Gratitude bestows reverence, allowing us to encounter everyday epiphanies, those transcendent moments of awe that change forever how we experience life and the world.John Milton
Surviving domestic violence can truly change one’s perspective.
For days, months, years, your life might have been relatively normal. You might have had a two-parent family, a job, a place to live, a car. Perhaps life had settled into a routine. You might have felt secure, had a warm sense of achievement, or took pride in what you had built.
Then came the sweet talk, followed by the boundary violations. “Surely it won’t get worse,” you thought. Yet the emotional abuse escalated and then came the objects smashing into the wall as the person you once trusted with your soul hurled them in an expletive-filled rage.
One day, after one too many threats and flailing arms, you grabbed your other family members and left. You didn’t know how you’d all survive, but you had to escape to do so.
While you did what you had to do to stay alive, the reality of what you just sacrificed for that safety can come down on you like an avalanche. As you battle through the weeks and months ahead, you realize what it’s like to start over. The belongings and relationships you might have taken for granted can acquire an intense new meaning.
You might be thankful for just having a toothbrush. A place to sleep. An advocate to work with.
You are grateful for a friend who will listen to you vent at length.
You might find people who can take care of your pets until you set up your own place.
You realize how fortunate you are that others helped with groceries.
Somehow a friend of a friend connected you with a support group.
Access to a washer and dryer suddenly seems miraculous.
Family members check in on you, even from far away.
Someone believes you. After hiding your situation from others for so long, acting like everything was okay and it was no big deal, someone believes you.
A coworker you don’t even know well offers to attend court with you just so you have someone there.
When you catch a glimpse of yourself in the mirror, you realize that you look a little stronger than two weeks ago. Rugged, maybe more wrinkles, but that old fire in your eyes is starting to reignite.
You see a lone yellow flower and wonder why you’ve never seen a flower so yellow before. Its radiant beauty catches your breath as you trudge down a saturated sidewalk on a rainy spring day.
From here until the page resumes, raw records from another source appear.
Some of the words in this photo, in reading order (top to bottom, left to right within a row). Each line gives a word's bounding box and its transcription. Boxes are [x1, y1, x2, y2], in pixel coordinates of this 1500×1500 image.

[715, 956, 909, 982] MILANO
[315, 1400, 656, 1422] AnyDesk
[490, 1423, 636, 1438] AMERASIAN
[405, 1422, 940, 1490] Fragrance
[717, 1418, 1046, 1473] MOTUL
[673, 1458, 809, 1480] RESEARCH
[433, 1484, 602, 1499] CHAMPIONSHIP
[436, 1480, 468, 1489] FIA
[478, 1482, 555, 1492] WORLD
Someone you never knew experienced abuse tells you their own story.
You’re able to buy an older car and it feels like a million dollars.
In one of those waves of doubt, when you collapse into the corner chair with your head in your hands, it occurs to you that you have a chair, and a place to put the chair.
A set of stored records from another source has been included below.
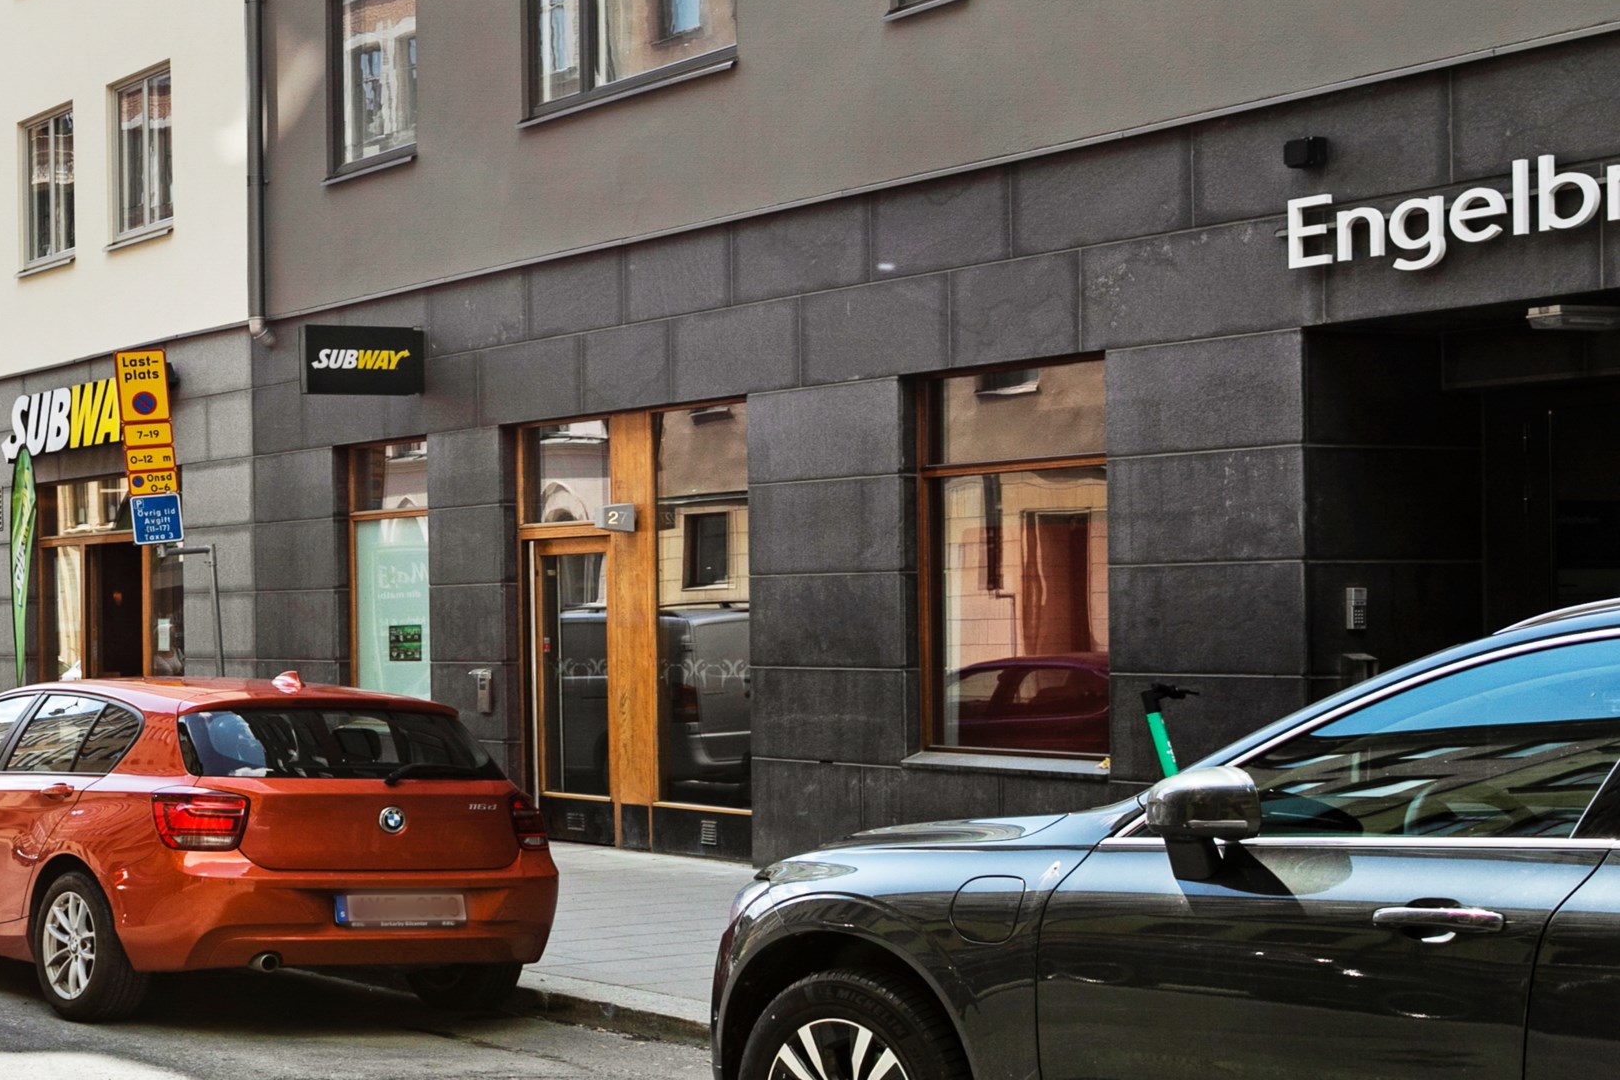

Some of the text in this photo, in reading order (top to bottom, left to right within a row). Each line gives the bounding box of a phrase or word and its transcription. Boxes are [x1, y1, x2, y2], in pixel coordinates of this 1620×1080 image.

[122, 356, 159, 367] Last-
[311, 348, 410, 370] SUBWAY
[124, 369, 160, 383] plats
[1, 377, 120, 463] SUBWA
[137, 430, 160, 439] 7-19
[130, 454, 153, 464] 0-12
[146, 473, 172, 483] Onsd
[150, 484, 171, 492] 0-6
[144, 517, 171, 525] Avgift
[608, 510, 628, 525] 27
[146, 524, 170, 533] (11-17)
Music speaks to you in a way it never has before.
You look into your pet’s eyes and realize that they’re a survivor too.
Your kids draw you a picture and it hits you what you mean to them.
A family at church just gifted you with toys their kids have grown out of.
The blender breaks and your sister just happens to have a spare sitting in the garage, an extra wedding present from five years ago that they didn’t need.
You’re peeling a carrot and it hits you how complex this one carrot is– how long it took to grow, how tiny it was when it started, the labor it took to bring it to the store.
You lie in bed thinking of the millions of other people who aren’t alone and wonder why you are. Then it occurs to you that you have never been alone, not at any stage of this process. The Good Shepherd has been right there next to you the entire time. He even watches over you while you sleep.
Life transforms along your healing journey. You find miracles everywhere you look. Small details are now monumental. The more grateful you are even for the little things, the more you find that it’s like someone turned up the volume on the tastes, sights, smells, and sounds of life.
As we express gratitude this Thanksgiving, let us rejoice in every blessing, from small to great, from the “givens” to the hard-fought. Surviving the betrayal and violation of abuse can mean sacrificing so much, even having to start completely over. But it prompts us to realize that every victory, every acquisition, every caring gesture is a gift from God.
Some survivors truly have nothing, have no one, and have no idea how much their Creator loves them. As we are thankful, let’s also be the friend, the anonymous donor, the pet sitter who gives them something to be thankful for too.
For that is the mission that thankfulness tasks us with: when we reach a place at which we are thankful even for the small things, we are ready to become the reason that someone else is thankful.